RE: Detecting design or intent in nature
January 2, 2015 at 5:46 pm
(This post was last modified: January 2, 2015 at 5:55 pm by watchamadoodle.)
(January 2, 2015 at 4:06 pm)Heywood Wrote:(January 2, 2015 at 2:32 pm)watchamadoodle Wrote: When people see design or the guiding hand of God in something, how would we define that?
We use experience to detect design. When the New Horizon probe flies by Pluto if it images machinery on the surface of the dwarf planet we will conclude that machinery was designed because in our experience machinery is always the product of design. Now suppose the probe images something completely novel to us. We'd have no way of knowing if that thing is designed or not.
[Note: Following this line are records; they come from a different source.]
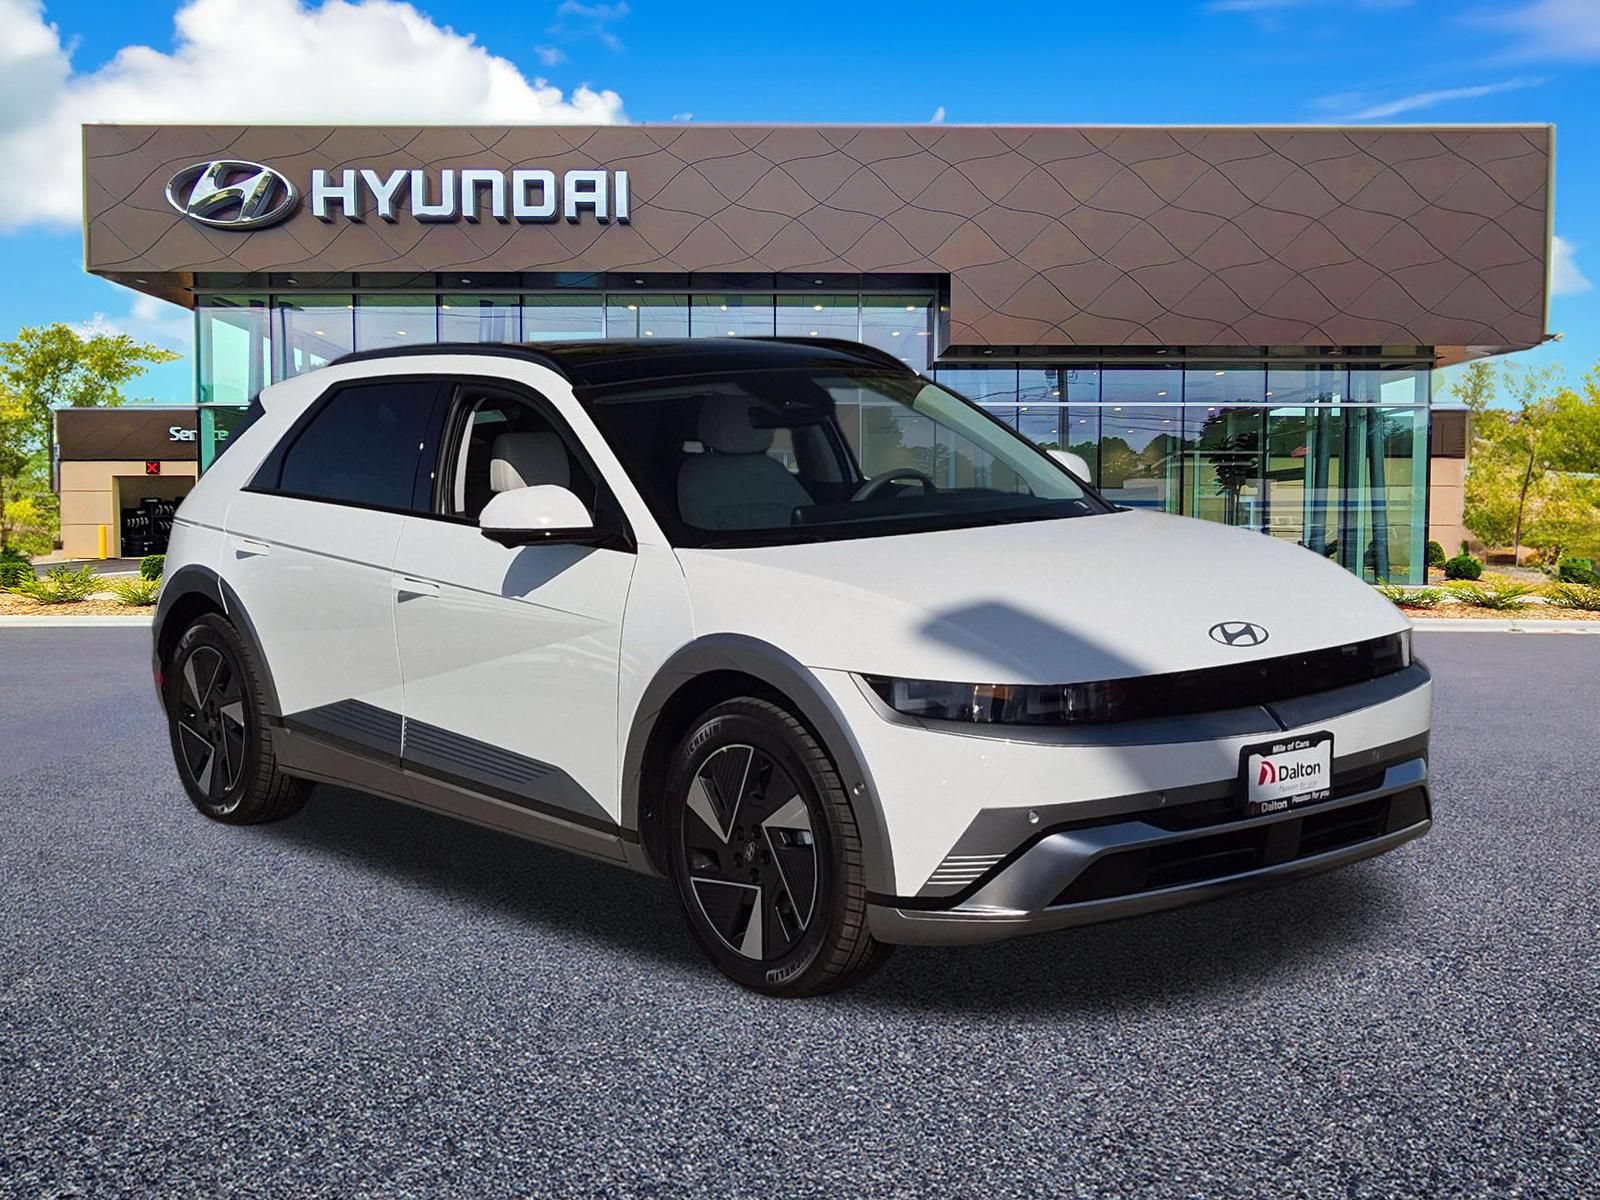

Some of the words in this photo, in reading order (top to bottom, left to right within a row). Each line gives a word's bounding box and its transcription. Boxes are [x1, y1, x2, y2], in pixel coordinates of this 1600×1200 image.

[312, 168, 630, 222] HYUNDAI
[1272, 744, 1286, 753] Mile
[1287, 742, 1295, 750] of
[1295, 740, 1310, 749] Cars
[1279, 762, 1321, 782] Dalton
[1319, 789, 1330, 799] you
[1261, 800, 1288, 813] Dalton
I see the hand of God in nature. Every evolutionary system I have observed, whose origins are known to me, requires the existence of intelligence. Therefore I find it reasonable to conclude that the evolutionary system which produced me also required the existence of intelligence.
I follow what you are saying until the part I highlighted above.
(January 2, 2015 at 4:17 pm)JuliaL Wrote: I've never found the design argument evenly slightly convincing.
I think it hangs on a type 1 (fast) intuitive error.
In the Paley classic, the observer is supposed to contrast the watch to the surrounding rocks to deduce that the watch was designed. Some steps later this fact is supposed to prove that the rocks also were designed. The deduction from the initial comparison was therefore wrong as were the conclusions leading therefrom.
It also fails in that if humans were the product of eons of natural selection acting on wet chemistry, then their "designed" products; watches, cars and 747s are also the result of eons of natural selection acting on wet chemistry. You have to have a dualist presupposition of design already in place for the conclusion that actual design follows from apparent design.
That last sentence that I highlighted is very true IMO. The designer is assumed to be above the design somehow like God above the universe or the human above the spear point he is making. In some ways humans adapted to the spear point. Our shoulders changed to throw spears better. Probably our hands changed to make spear points better. We aren't really above the spear point necessarily?